■ **TASK STATEMENT**: The goal is a clean copy of all the data below, with pictures dropped and everything else retyped exactly.

START DATA FOR THIS EXERCISE

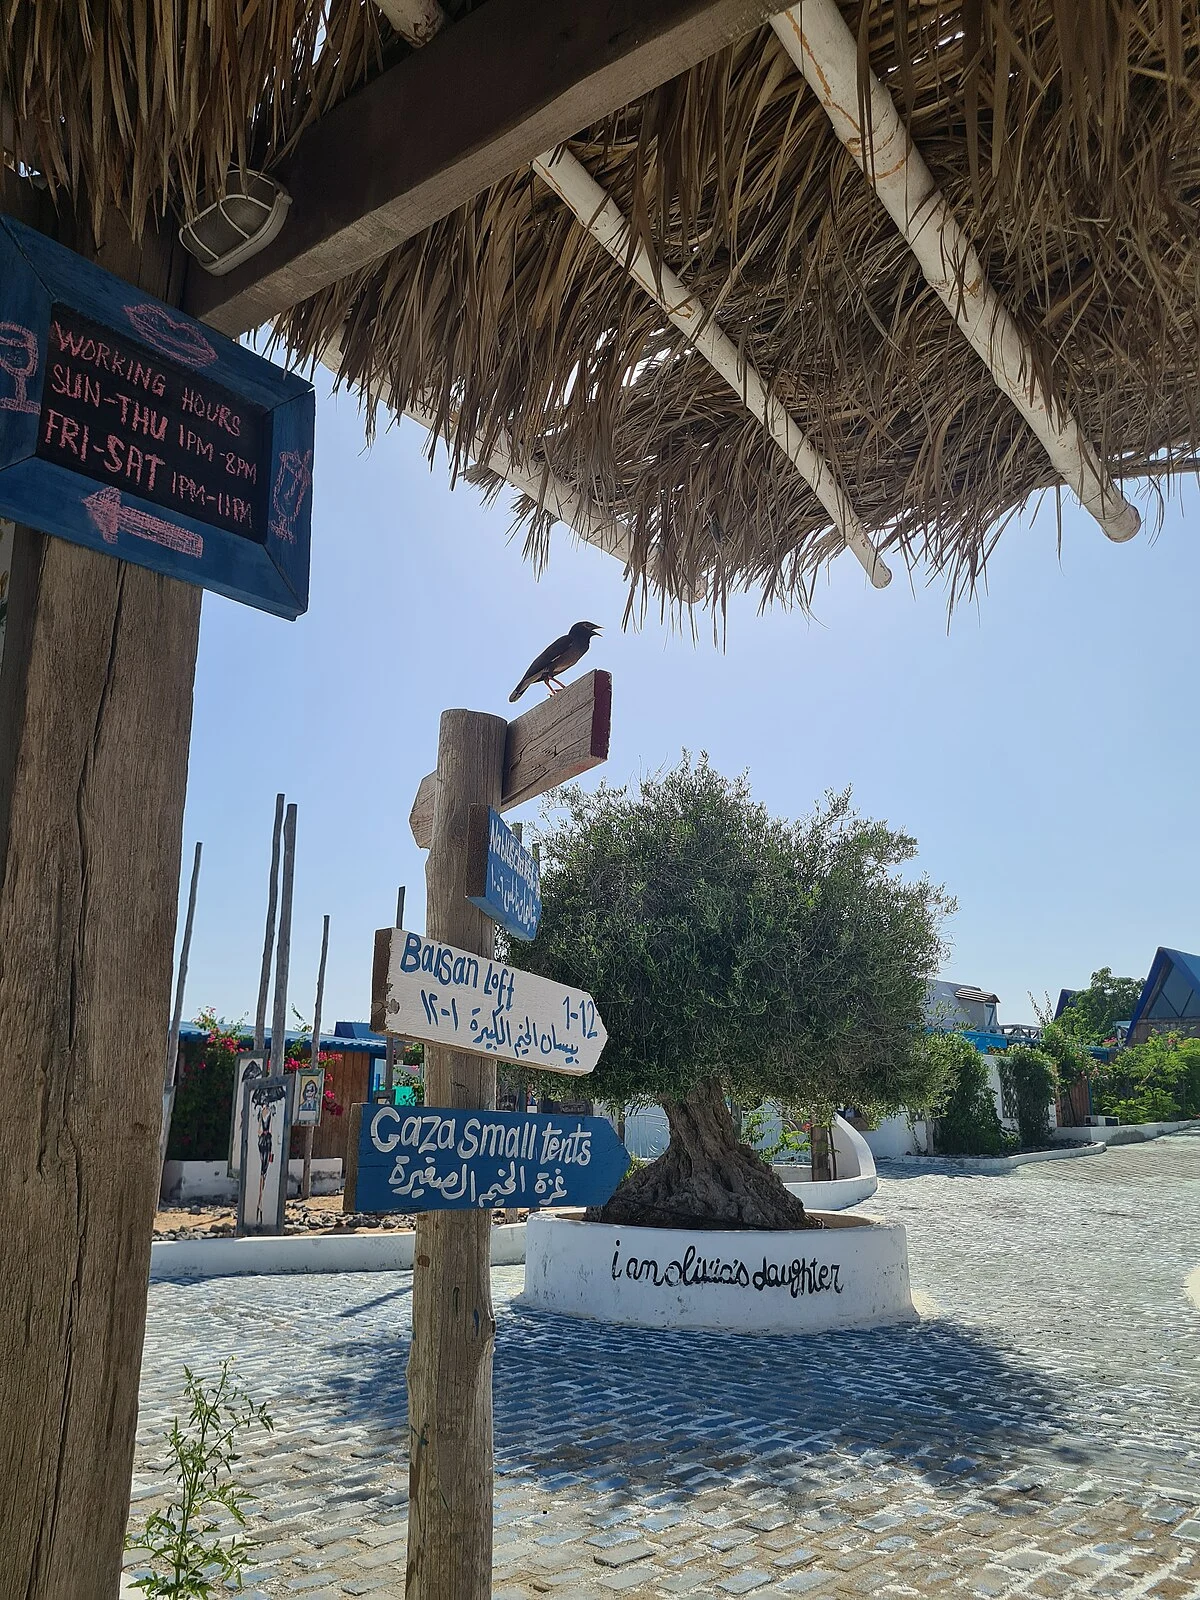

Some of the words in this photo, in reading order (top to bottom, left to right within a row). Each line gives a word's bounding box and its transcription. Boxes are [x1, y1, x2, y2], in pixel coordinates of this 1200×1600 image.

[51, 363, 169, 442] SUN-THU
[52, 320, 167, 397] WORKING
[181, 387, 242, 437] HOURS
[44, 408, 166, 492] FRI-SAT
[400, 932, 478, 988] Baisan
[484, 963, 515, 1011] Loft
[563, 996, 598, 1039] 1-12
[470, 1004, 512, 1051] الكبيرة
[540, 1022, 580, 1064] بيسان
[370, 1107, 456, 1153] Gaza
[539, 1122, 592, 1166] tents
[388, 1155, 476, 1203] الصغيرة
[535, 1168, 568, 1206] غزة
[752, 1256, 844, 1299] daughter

END DATA FOR THIS EXERCISE

■ **COMPLETED TASK**:
Some of the words in this photo, in reading order (top to bottom, left to right within a row). Each line gives a word's bounding box and its transcription. Boxes are [x1, y1, x2, y2], in pixel coordinates of this 1200×1600 image.

[51, 363, 169, 442] SUN-THU
[52, 320, 167, 397] WORKING
[181, 387, 242, 437] HOURS
[44, 408, 166, 492] FRI-SAT
[400, 932, 478, 988] Baisan
[484, 963, 515, 1011] Loft
[563, 996, 598, 1039] 1-12
[470, 1004, 512, 1051] الكبيرة
[540, 1022, 580, 1064] بيسان
[370, 1107, 456, 1153] Gaza
[539, 1122, 592, 1166] tents
[388, 1155, 476, 1203] الصغيرة
[535, 1168, 568, 1206] غزة
[752, 1256, 844, 1299] daughter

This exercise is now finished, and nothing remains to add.